[EXERCISE OBJECTIVE] Output every entry exactly as written, but omit the pictures.

****************************************

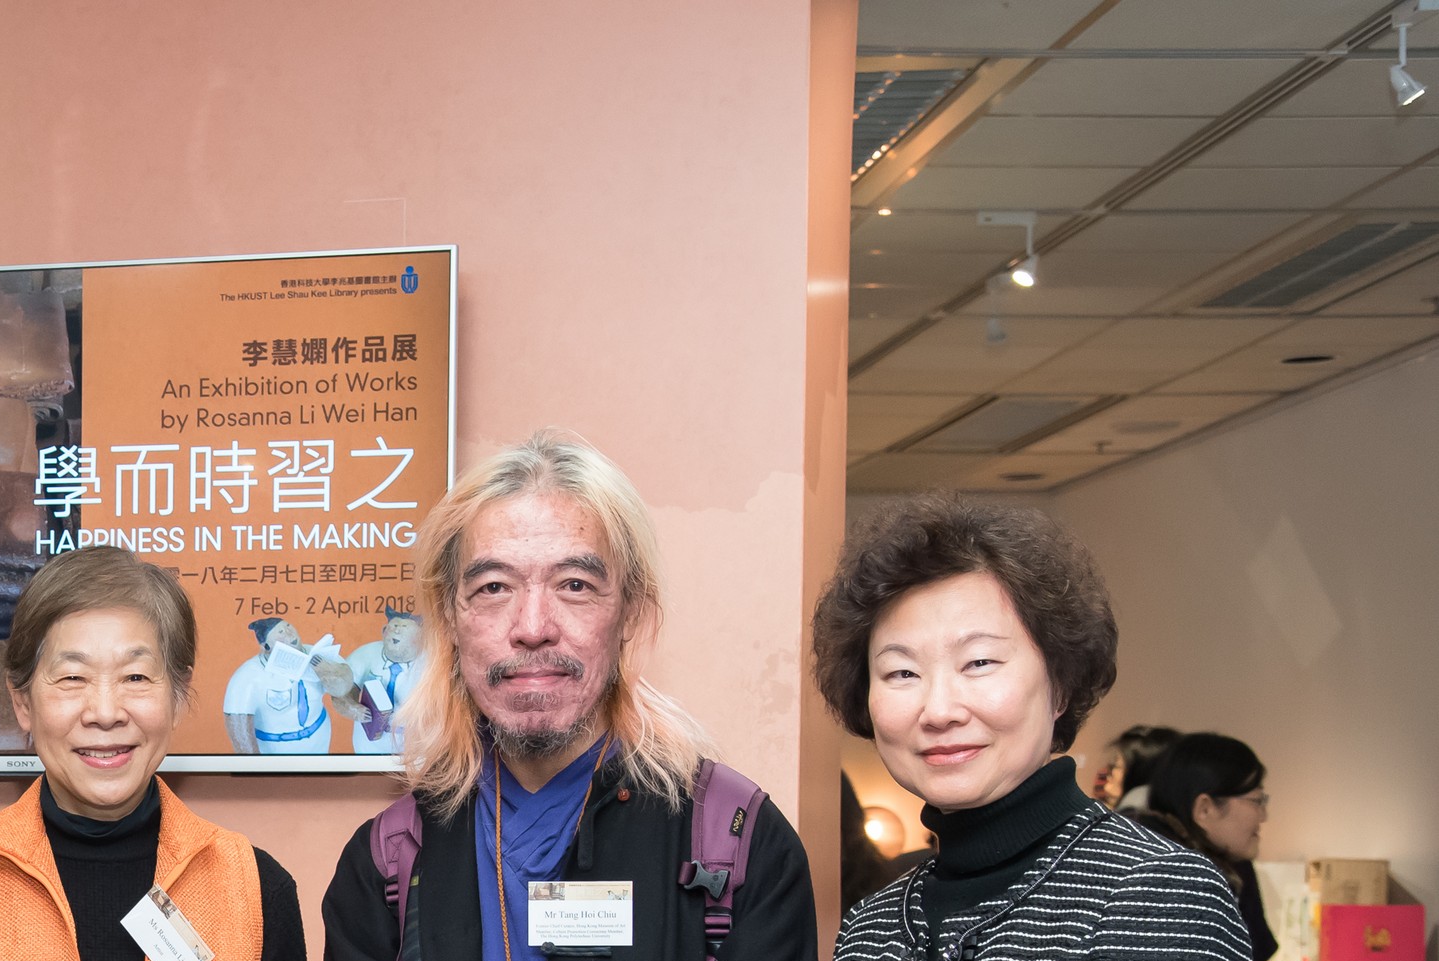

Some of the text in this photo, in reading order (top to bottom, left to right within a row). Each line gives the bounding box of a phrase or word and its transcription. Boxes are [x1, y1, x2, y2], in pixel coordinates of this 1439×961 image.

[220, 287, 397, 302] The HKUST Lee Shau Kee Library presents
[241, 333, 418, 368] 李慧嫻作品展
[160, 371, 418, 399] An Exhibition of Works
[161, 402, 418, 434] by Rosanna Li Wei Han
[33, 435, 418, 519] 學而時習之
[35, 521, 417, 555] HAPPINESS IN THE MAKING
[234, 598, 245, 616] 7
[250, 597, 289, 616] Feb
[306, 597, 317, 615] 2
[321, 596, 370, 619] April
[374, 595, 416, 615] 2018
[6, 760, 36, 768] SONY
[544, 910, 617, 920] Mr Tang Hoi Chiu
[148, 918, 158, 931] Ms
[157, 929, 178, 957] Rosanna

****************************************

[SOLUTION FOR THIS TASK]
Some of the text in this photo, in reading order (top to bottom, left to right within a row). Each line gives the bounding box of a phrase or word and its transcription. Boxes are [x1, y1, x2, y2], in pixel coordinates of this 1439×961 image.

[220, 287, 397, 302] The HKUST Lee Shau Kee Library presents
[241, 333, 418, 368] 李慧嫻作品展
[160, 371, 418, 399] An Exhibition of Works
[161, 402, 418, 434] by Rosanna Li Wei Han
[33, 435, 418, 519] 學而時習之
[35, 521, 417, 555] HAPPINESS IN THE MAKING
[234, 598, 245, 616] 7
[250, 597, 289, 616] Feb
[306, 597, 317, 615] 2
[321, 596, 370, 619] April
[374, 595, 416, 615] 2018
[6, 760, 36, 768] SONY
[544, 910, 617, 920] Mr Tang Hoi Chiu
[148, 918, 158, 931] Ms
[157, 929, 178, 957] Rosanna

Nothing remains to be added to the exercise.